==== Recorded data ====

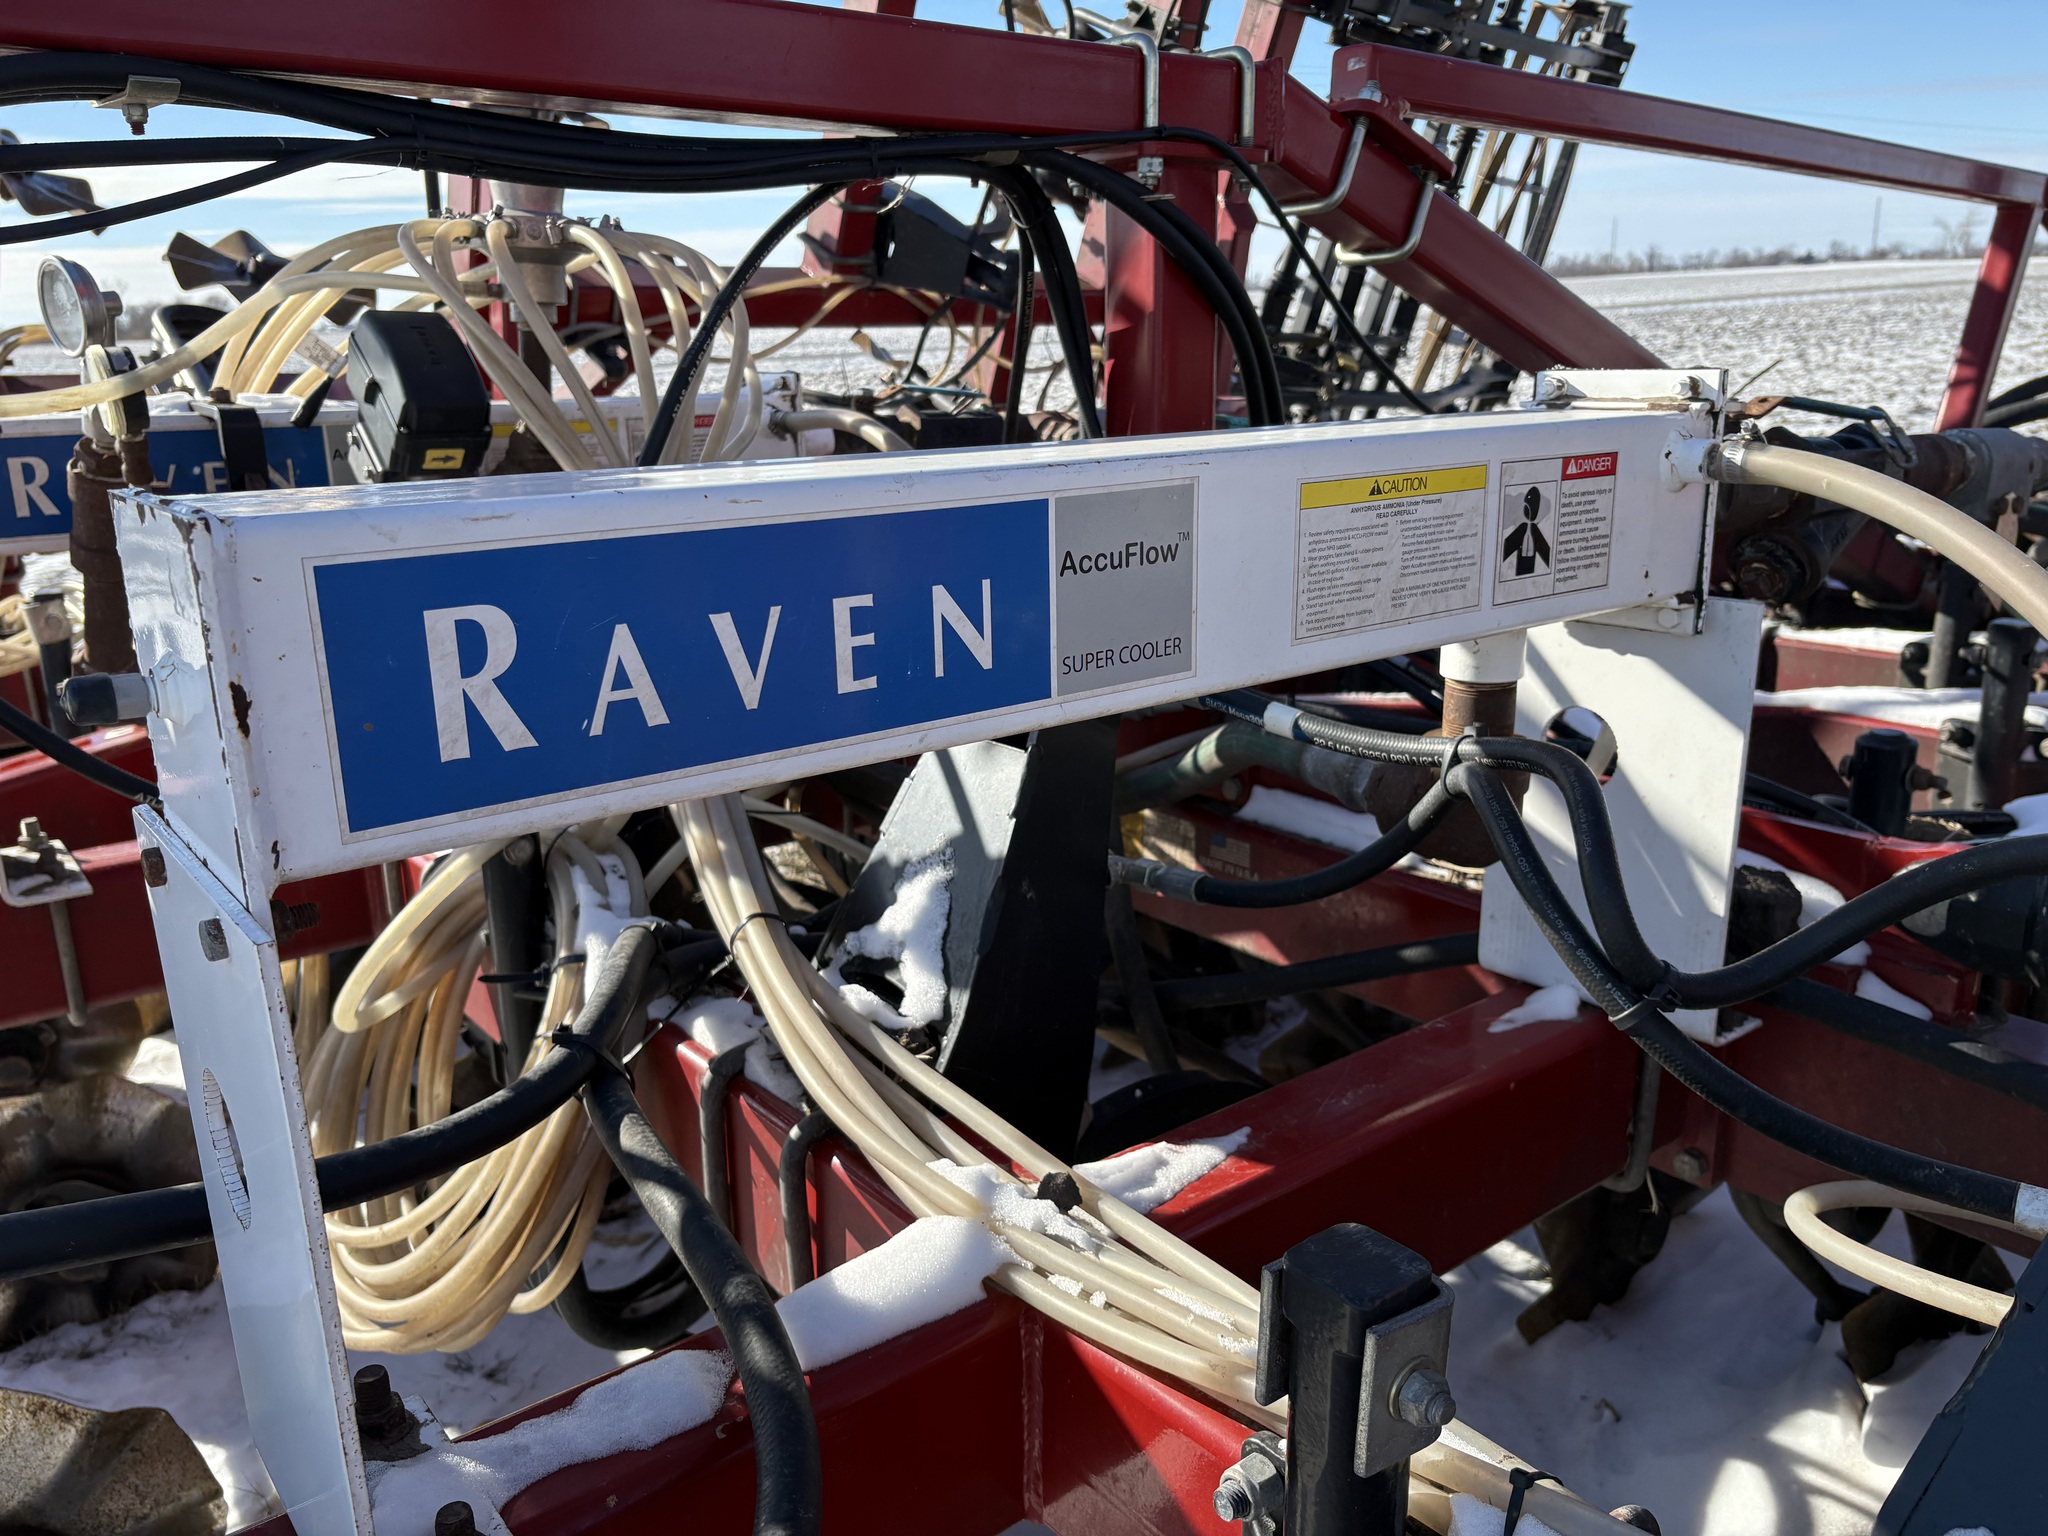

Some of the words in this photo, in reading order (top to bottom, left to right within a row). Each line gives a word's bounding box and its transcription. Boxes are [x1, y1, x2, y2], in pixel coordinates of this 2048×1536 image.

[1576, 456, 1612, 473] DANGER
[1382, 476, 1427, 494] CAUTION
[1580, 489, 1595, 497] serious
[1595, 487, 1607, 496] injury
[1350, 504, 1381, 513] ANHYDROUS
[1382, 501, 1404, 510] AMMONIA
[1405, 499, 1420, 508] (Under
[1420, 497, 1442, 506] Pressure)
[1375, 511, 1389, 519] READ
[1389, 508, 1417, 517] CAREFULLY
[1062, 648, 1115, 675] SUPER
[1119, 637, 1182, 665] COOLER
[423, 579, 993, 763] RAVEN

====

The records above must be retyped exactly. Please omit the pictures.

Some of the words in this photo, in reading order (top to bottom, left to right within a row). Each line gives a word's bounding box and its transcription. Boxes are [x1, y1, x2, y2], in pixel coordinates of this 2048×1536 image.

[1576, 456, 1612, 473] DANGER
[1382, 476, 1427, 494] CAUTION
[1580, 489, 1595, 497] serious
[1595, 487, 1607, 496] injury
[1350, 504, 1381, 513] ANHYDROUS
[1382, 501, 1404, 510] AMMONIA
[1405, 499, 1420, 508] (Under
[1420, 497, 1442, 506] Pressure)
[1375, 511, 1389, 519] READ
[1389, 508, 1417, 517] CAREFULLY
[1062, 648, 1115, 675] SUPER
[1119, 637, 1182, 665] COOLER
[423, 579, 993, 763] RAVEN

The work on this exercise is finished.